Bait Selection & Presentation — Matching the Retrieve to the Fish

Finding the fish is half the job. Knowing what to throw — and how to work it — is what actually turns a look into a bite.

Location gets you in the area. Presentation gets you the bite. Jimmy has always said the biggest difference between an average day and a great one usually comes down to matching the bait, the line, and the retrieve to what the fish are actually doing — not just picking a favorite lure and winding it back.

The universal rules

Never just wind it back. A flat, constant-speed retrieve is the least effective way to fish almost any bait.

"One of your rules of thumb should be: I never want to throw that bait out there and just wind it back in." — Jimmy Houston

Vary everything. Retrieve speed, rod-tip height, sweeps, pauses, and twitches all change how a bait looks and sounds to a fish. A dead stop is often exactly when a strike happens.

Fish rarely go down for a bait. Bass are built to look up and ambush — they very rarely dive to grab something below them.

"A bass will very seldom go down and pick a bait up — a bait below them. You have to run the bait over the top of it." — Jimmy Houston

Throw past the target, bring the bait to the fish. Whether it's a suspending fish on a tree, a staging fish on a point, or a bedding fish, dropping a bait directly on top of it will spook it every time. Cast beyond the target and work the bait through the strike zone instead.

Slow in the zone, fast between. Move efficiently between spots, but once you're on fish, slow the retrieve down — often more than feels natural.

Matching bait to the moment

Suspended jerkbait / stick bait — the go-to for cold-water pre-pre-spawn fish staging on points, and effective again in post-spawn. Work it as slowly as you can stand, then slower still, with long pauses between twitches. Line weight matters enormously here: 6-pound test dramatically outperforms 8, and 10-pound test can shut the bite down completely.

Spinner bait — one of the most versatile baits in the boat, effective from pre-pre-spawn through post-spawn and beyond. It's nearly weedless, and rod-tip height lets you dial in depth on the fly. A Colorado blade thumps and can be "bulged" just under the surface for slow, cold-water presentations; a willow leaf blade suits faster retrieves in clearer water.
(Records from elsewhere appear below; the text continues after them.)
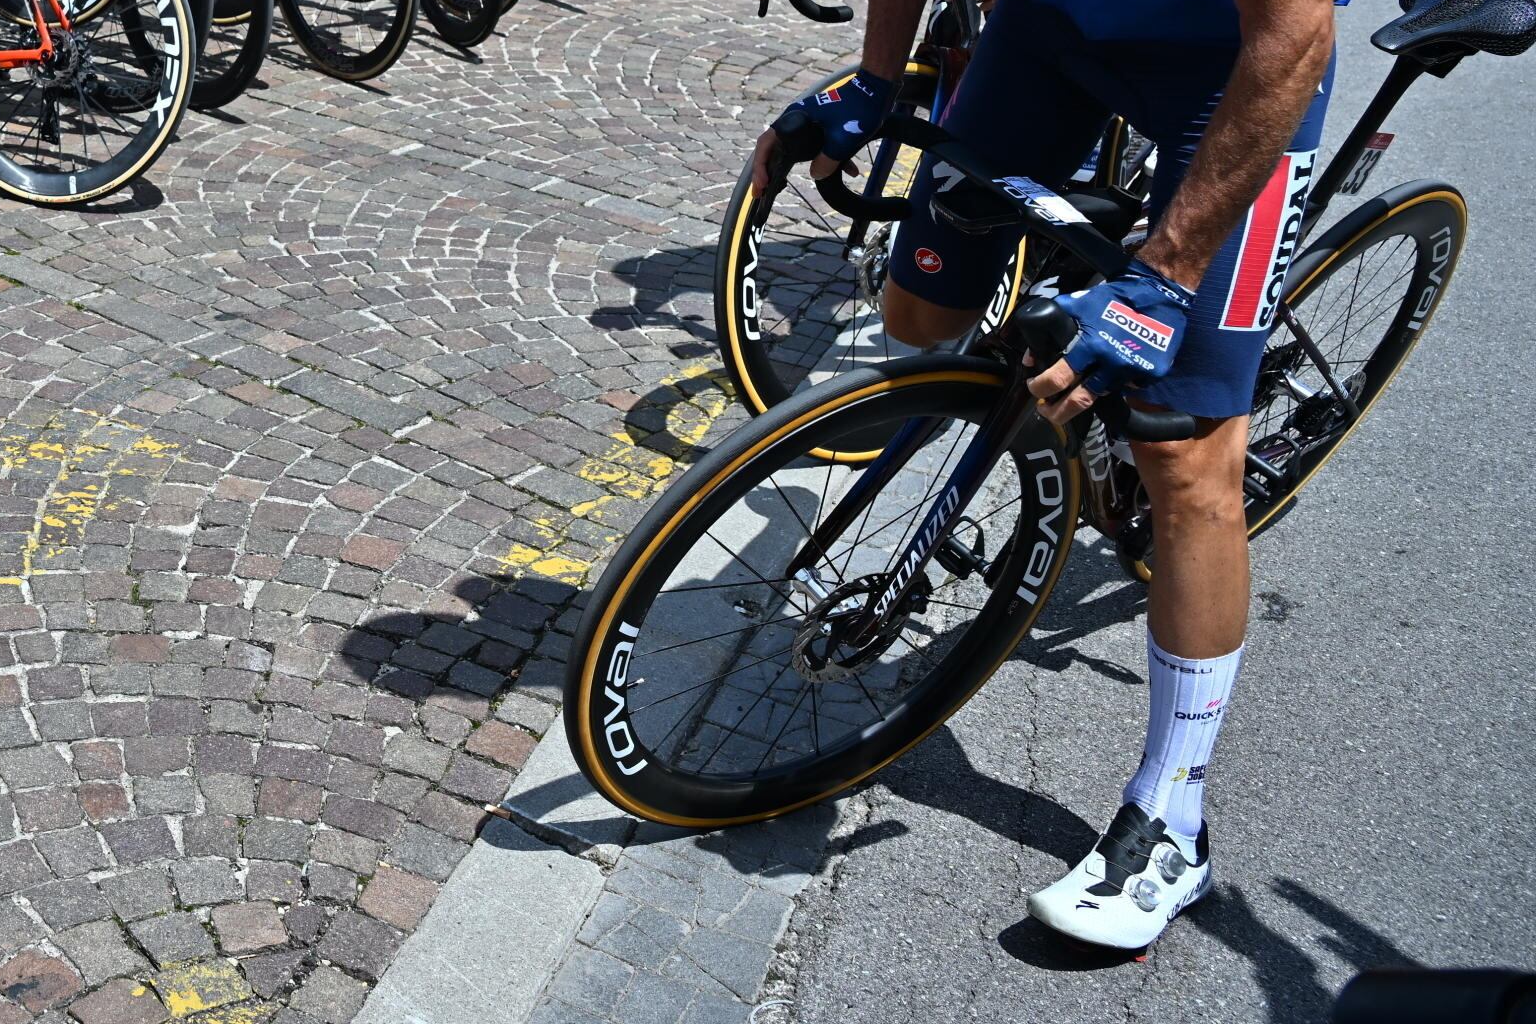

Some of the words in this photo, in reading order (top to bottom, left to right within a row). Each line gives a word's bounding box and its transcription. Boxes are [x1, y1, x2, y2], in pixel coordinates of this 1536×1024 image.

[1337, 148, 1383, 195] 33
[742, 225, 766, 342] rova
[1257, 151, 1317, 328] SOUDAL
[1407, 225, 1452, 331] roval
[1098, 329, 1156, 372] QUICK-STEP
[1104, 308, 1168, 349] SOUDAL
[872, 484, 961, 618] SPECIALIZED
[1016, 448, 1064, 606] roval
[603, 621, 648, 777] roval
[1174, 707, 1226, 722] QUICK-S
Topwater (walk-the-dog style) — ideal for post-spawn fish suspending five feet down over open water. Cast well past the fish and walk the bait back through them rather than working the boat in close.
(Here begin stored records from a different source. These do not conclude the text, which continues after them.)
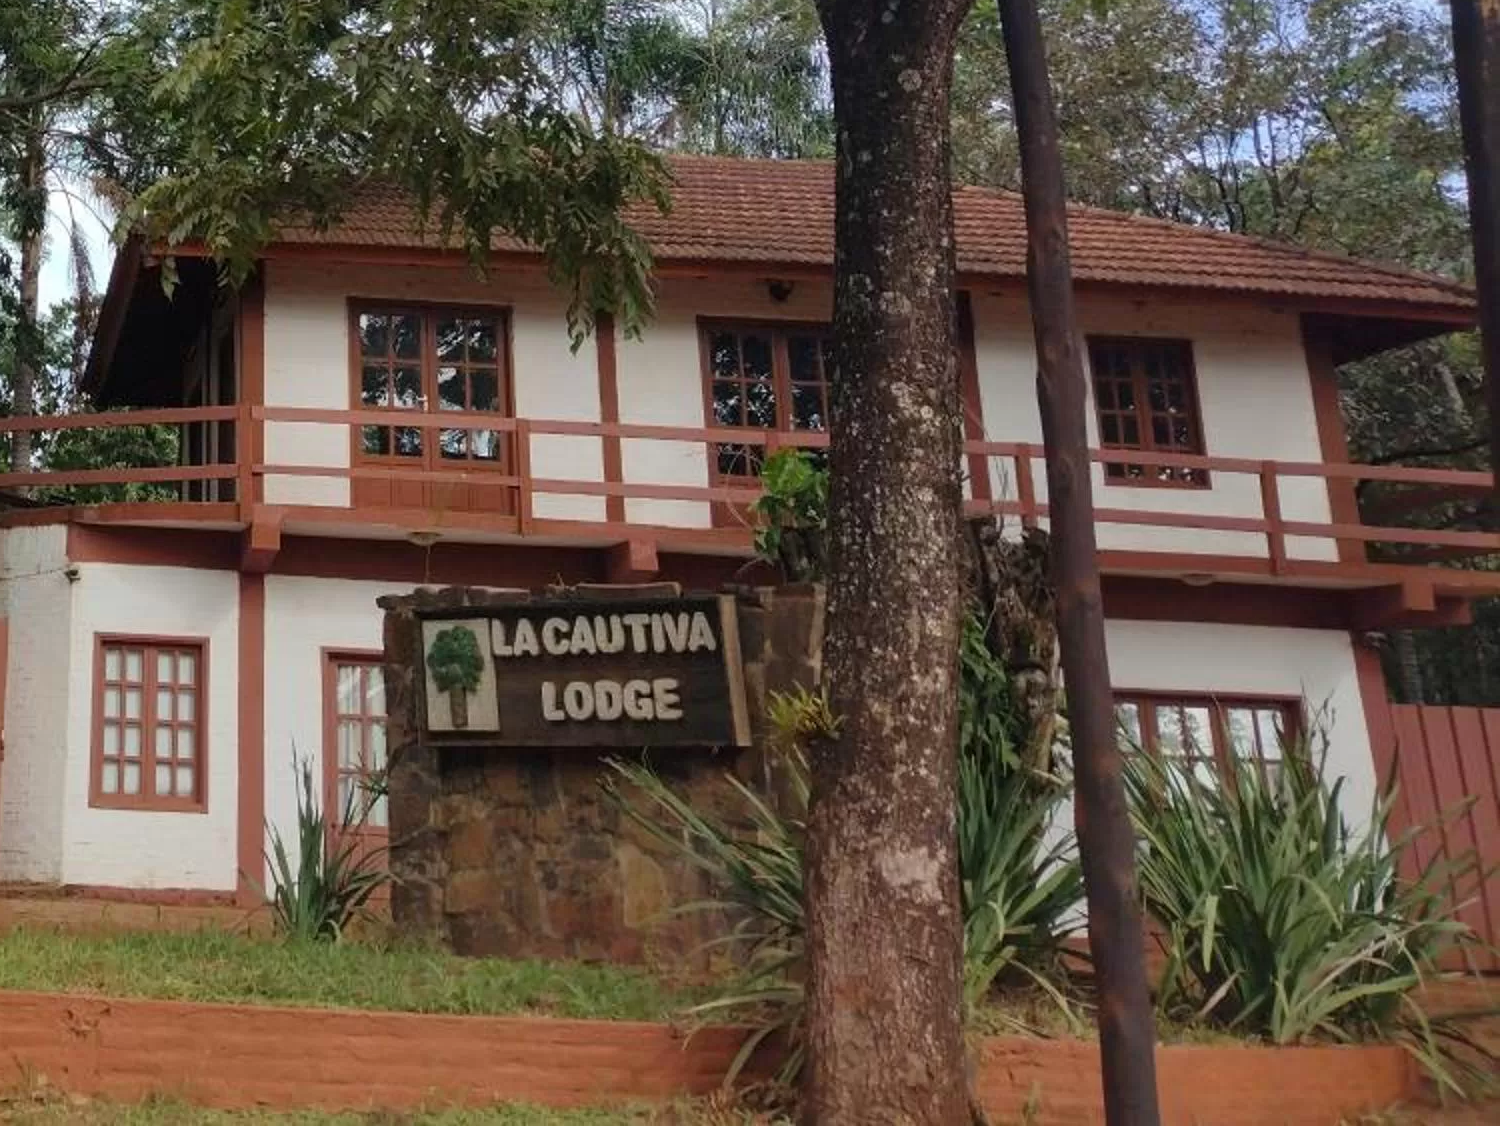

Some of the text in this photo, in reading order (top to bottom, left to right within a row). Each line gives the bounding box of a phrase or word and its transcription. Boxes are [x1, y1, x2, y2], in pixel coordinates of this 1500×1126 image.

[492, 611, 717, 657] LA CAUTIVA
[541, 678, 683, 722] LODGE
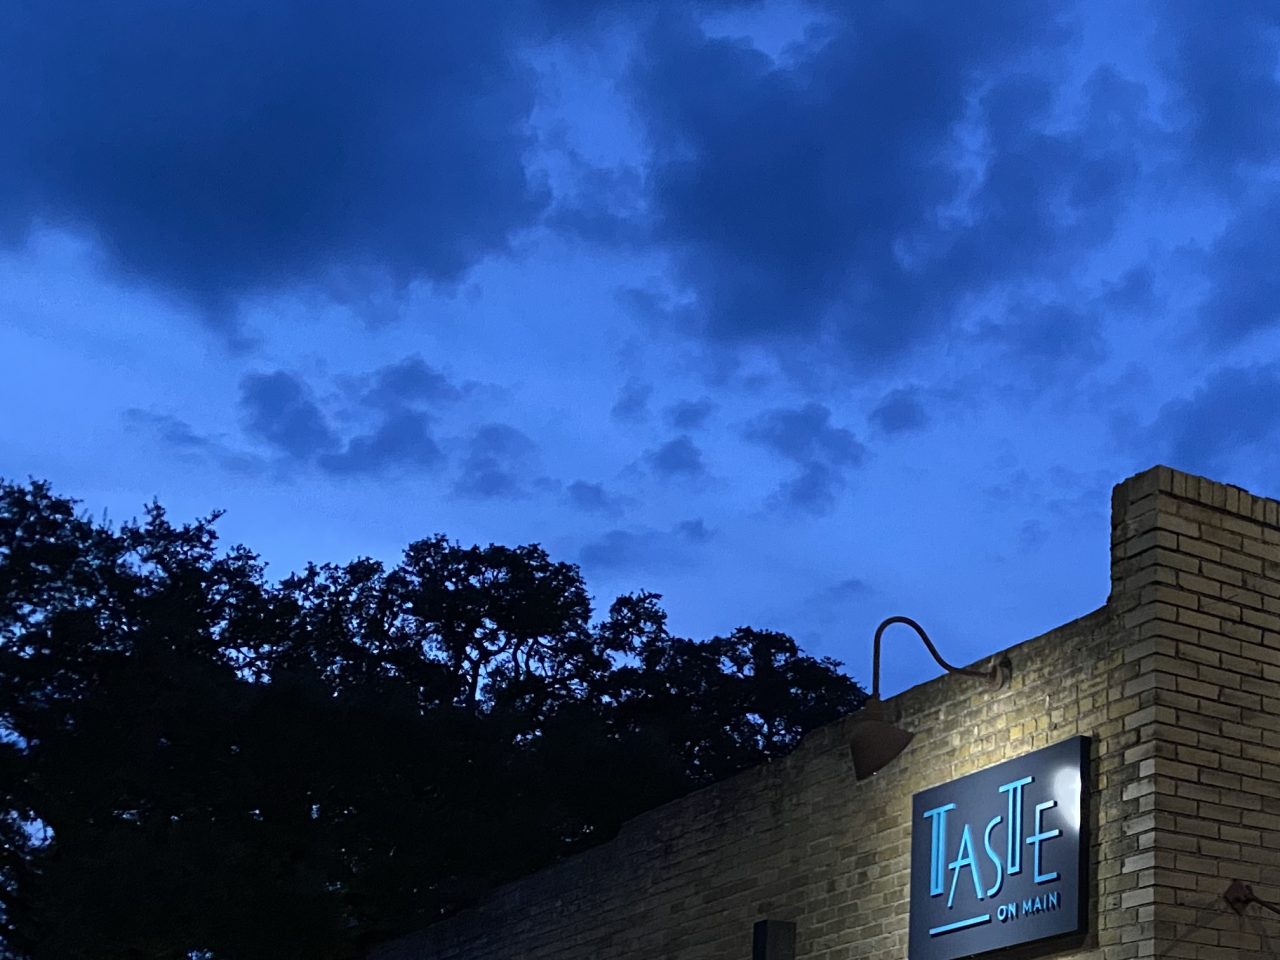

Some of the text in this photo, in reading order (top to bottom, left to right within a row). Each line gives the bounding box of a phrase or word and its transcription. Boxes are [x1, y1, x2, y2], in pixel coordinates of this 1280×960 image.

[923, 776, 1060, 908] TASTE
[997, 891, 1057, 921] ON MAIN
Diving crankbait — matched to run at the exact depth staging fish are holding, typically 5–8 feet in pre-pre-spawn and pre-spawn. Lipless cranks aren't the right tool in cold water; a diving bill that can be dialed to depth is.

Swim jig / jig with swimbait trailer — a strong all-around choice around timber and stumps, especially worked down a tree trunk in stages: fall, pause, fall, pause.

Punching rig (heavy sinker, heavy line) — built for one job: getting through thick floating vegetation mats in summer heat to reach the shaded, cooler water underneath, where fish that look "shut down" are often still very catchable.

The one rule that overrides the rest

Whatever's in your hand, don't drop it on the fish. Suspending, staging, and bedding bass all react the same way to a bait that lands directly on top of them — they bolt. Cast past, bring it to them, and let the retrieve do the work.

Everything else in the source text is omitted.